## What you need to do
Reproduce every entry word for word.

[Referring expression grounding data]
----------
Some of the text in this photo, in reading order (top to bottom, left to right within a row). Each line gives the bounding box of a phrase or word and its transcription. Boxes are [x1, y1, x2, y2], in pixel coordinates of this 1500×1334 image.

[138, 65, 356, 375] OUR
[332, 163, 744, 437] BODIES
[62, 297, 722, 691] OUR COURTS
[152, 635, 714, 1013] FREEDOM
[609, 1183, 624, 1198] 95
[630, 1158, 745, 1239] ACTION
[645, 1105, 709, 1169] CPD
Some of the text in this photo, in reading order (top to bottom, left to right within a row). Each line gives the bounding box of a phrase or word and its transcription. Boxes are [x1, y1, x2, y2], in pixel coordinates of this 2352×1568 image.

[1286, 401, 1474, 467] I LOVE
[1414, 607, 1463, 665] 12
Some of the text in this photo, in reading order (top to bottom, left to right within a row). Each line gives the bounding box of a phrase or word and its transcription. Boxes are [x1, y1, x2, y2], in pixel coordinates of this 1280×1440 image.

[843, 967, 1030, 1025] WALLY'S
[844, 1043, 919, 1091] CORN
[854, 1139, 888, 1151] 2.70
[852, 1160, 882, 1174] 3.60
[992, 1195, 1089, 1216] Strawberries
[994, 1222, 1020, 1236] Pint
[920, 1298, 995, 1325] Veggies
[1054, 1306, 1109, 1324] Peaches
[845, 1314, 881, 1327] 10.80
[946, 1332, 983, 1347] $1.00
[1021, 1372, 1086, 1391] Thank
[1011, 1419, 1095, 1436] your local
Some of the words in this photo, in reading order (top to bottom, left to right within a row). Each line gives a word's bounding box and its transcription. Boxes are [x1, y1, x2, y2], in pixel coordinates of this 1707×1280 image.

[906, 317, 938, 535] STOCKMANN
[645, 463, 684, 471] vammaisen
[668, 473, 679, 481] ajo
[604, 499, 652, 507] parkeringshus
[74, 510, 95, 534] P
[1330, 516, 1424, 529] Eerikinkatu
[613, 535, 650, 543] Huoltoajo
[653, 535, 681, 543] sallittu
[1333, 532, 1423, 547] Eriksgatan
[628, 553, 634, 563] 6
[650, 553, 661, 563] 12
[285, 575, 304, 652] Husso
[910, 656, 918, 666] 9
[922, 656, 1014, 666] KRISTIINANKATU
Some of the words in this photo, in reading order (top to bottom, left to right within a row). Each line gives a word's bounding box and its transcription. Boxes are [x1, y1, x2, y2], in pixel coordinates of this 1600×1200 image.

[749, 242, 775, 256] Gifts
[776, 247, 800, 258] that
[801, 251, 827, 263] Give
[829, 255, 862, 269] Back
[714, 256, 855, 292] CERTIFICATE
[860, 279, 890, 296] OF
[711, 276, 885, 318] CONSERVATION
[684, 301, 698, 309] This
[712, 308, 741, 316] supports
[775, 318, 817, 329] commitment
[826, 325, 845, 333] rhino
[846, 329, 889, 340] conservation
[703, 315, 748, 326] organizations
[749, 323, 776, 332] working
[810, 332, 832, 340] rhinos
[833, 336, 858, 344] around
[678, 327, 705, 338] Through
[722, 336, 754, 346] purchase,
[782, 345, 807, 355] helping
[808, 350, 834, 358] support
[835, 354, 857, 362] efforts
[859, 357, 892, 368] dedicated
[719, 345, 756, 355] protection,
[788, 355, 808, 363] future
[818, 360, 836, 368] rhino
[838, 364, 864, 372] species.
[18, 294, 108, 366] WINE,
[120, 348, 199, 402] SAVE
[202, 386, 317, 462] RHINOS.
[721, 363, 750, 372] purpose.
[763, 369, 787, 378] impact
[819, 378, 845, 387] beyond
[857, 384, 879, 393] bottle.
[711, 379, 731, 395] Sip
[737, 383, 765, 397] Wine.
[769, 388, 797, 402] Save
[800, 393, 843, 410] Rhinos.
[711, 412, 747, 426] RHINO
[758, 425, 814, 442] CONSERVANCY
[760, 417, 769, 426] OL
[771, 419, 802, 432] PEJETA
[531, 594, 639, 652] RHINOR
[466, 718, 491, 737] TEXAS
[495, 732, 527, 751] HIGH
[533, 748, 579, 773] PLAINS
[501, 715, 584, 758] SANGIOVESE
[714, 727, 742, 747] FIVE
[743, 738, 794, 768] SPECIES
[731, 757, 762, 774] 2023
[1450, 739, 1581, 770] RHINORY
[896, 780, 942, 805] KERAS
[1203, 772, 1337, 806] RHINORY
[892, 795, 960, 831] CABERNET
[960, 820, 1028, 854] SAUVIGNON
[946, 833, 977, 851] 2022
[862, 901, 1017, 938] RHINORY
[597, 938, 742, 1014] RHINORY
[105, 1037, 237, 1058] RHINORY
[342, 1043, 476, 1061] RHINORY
----------
## Expected output
Some of the text in this photo, in reading order (top to bottom, left to right within a row). Each line gives the bounding box of a phrase or word and its transcription. Boxes are [x1, y1, x2, y2], in pixel coordinates of this 1500×1334 image.

[138, 65, 356, 375] OUR
[332, 163, 744, 437] BODIES
[62, 297, 722, 691] OUR COURTS
[152, 635, 714, 1013] FREEDOM
[609, 1183, 624, 1198] 95
[630, 1158, 745, 1239] ACTION
[645, 1105, 709, 1169] CPD
Some of the text in this photo, in reading order (top to bottom, left to right within a row). Each line gives the bounding box of a phrase or word and its transcription. Boxes are [x1, y1, x2, y2], in pixel coordinates of this 2352×1568 image.

[1286, 401, 1474, 467] I LOVE
[1414, 607, 1463, 665] 12
Some of the text in this photo, in reading order (top to bottom, left to right within a row). Each line gives the bounding box of a phrase or word and its transcription. Boxes are [x1, y1, x2, y2], in pixel coordinates of this 1280×1440 image.

[843, 967, 1030, 1025] WALLY'S
[844, 1043, 919, 1091] CORN
[854, 1139, 888, 1151] 2.70
[852, 1160, 882, 1174] 3.60
[992, 1195, 1089, 1216] Strawberries
[994, 1222, 1020, 1236] Pint
[920, 1298, 995, 1325] Veggies
[1054, 1306, 1109, 1324] Peaches
[845, 1314, 881, 1327] 10.80
[946, 1332, 983, 1347] $1.00
[1021, 1372, 1086, 1391] Thank
[1011, 1419, 1095, 1436] your local
Some of the words in this photo, in reading order (top to bottom, left to right within a row). Each line gives a word's bounding box and its transcription. Boxes are [x1, y1, x2, y2], in pixel coordinates of this 1707×1280 image.

[906, 317, 938, 535] STOCKMANN
[645, 463, 684, 471] vammaisen
[668, 473, 679, 481] ajo
[604, 499, 652, 507] parkeringshus
[74, 510, 95, 534] P
[1330, 516, 1424, 529] Eerikinkatu
[613, 535, 650, 543] Huoltoajo
[653, 535, 681, 543] sallittu
[1333, 532, 1423, 547] Eriksgatan
[628, 553, 634, 563] 6
[650, 553, 661, 563] 12
[285, 575, 304, 652] Husso
[910, 656, 918, 666] 9
[922, 656, 1014, 666] KRISTIINANKATU
Some of the words in this photo, in reading order (top to bottom, left to right within a row). Each line gives a word's bounding box and its transcription. Boxes are [x1, y1, x2, y2], in pixel coordinates of this 1600×1200 image.

[749, 242, 775, 256] Gifts
[776, 247, 800, 258] that
[801, 251, 827, 263] Give
[829, 255, 862, 269] Back
[714, 256, 855, 292] CERTIFICATE
[860, 279, 890, 296] OF
[711, 276, 885, 318] CONSERVATION
[684, 301, 698, 309] This
[712, 308, 741, 316] supports
[775, 318, 817, 329] commitment
[826, 325, 845, 333] rhino
[846, 329, 889, 340] conservation
[703, 315, 748, 326] organizations
[749, 323, 776, 332] working
[810, 332, 832, 340] rhinos
[833, 336, 858, 344] around
[678, 327, 705, 338] Through
[722, 336, 754, 346] purchase,
[782, 345, 807, 355] helping
[808, 350, 834, 358] support
[835, 354, 857, 362] efforts
[859, 357, 892, 368] dedicated
[719, 345, 756, 355] protection,
[788, 355, 808, 363] future
[818, 360, 836, 368] rhino
[838, 364, 864, 372] species.
[18, 294, 108, 366] WINE,
[120, 348, 199, 402] SAVE
[202, 386, 317, 462] RHINOS.
[721, 363, 750, 372] purpose.
[763, 369, 787, 378] impact
[819, 378, 845, 387] beyond
[857, 384, 879, 393] bottle.
[711, 379, 731, 395] Sip
[737, 383, 765, 397] Wine.
[769, 388, 797, 402] Save
[800, 393, 843, 410] Rhinos.
[711, 412, 747, 426] RHINO
[758, 425, 814, 442] CONSERVANCY
[760, 417, 769, 426] OL
[771, 419, 802, 432] PEJETA
[531, 594, 639, 652] RHINOR
[466, 718, 491, 737] TEXAS
[495, 732, 527, 751] HIGH
[533, 748, 579, 773] PLAINS
[501, 715, 584, 758] SANGIOVESE
[714, 727, 742, 747] FIVE
[743, 738, 794, 768] SPECIES
[731, 757, 762, 774] 2023
[1450, 739, 1581, 770] RHINORY
[896, 780, 942, 805] KERAS
[1203, 772, 1337, 806] RHINORY
[892, 795, 960, 831] CABERNET
[960, 820, 1028, 854] SAUVIGNON
[946, 833, 977, 851] 2022
[862, 901, 1017, 938] RHINORY
[597, 938, 742, 1014] RHINORY
[105, 1037, 237, 1058] RHINORY
[342, 1043, 476, 1061] RHINORY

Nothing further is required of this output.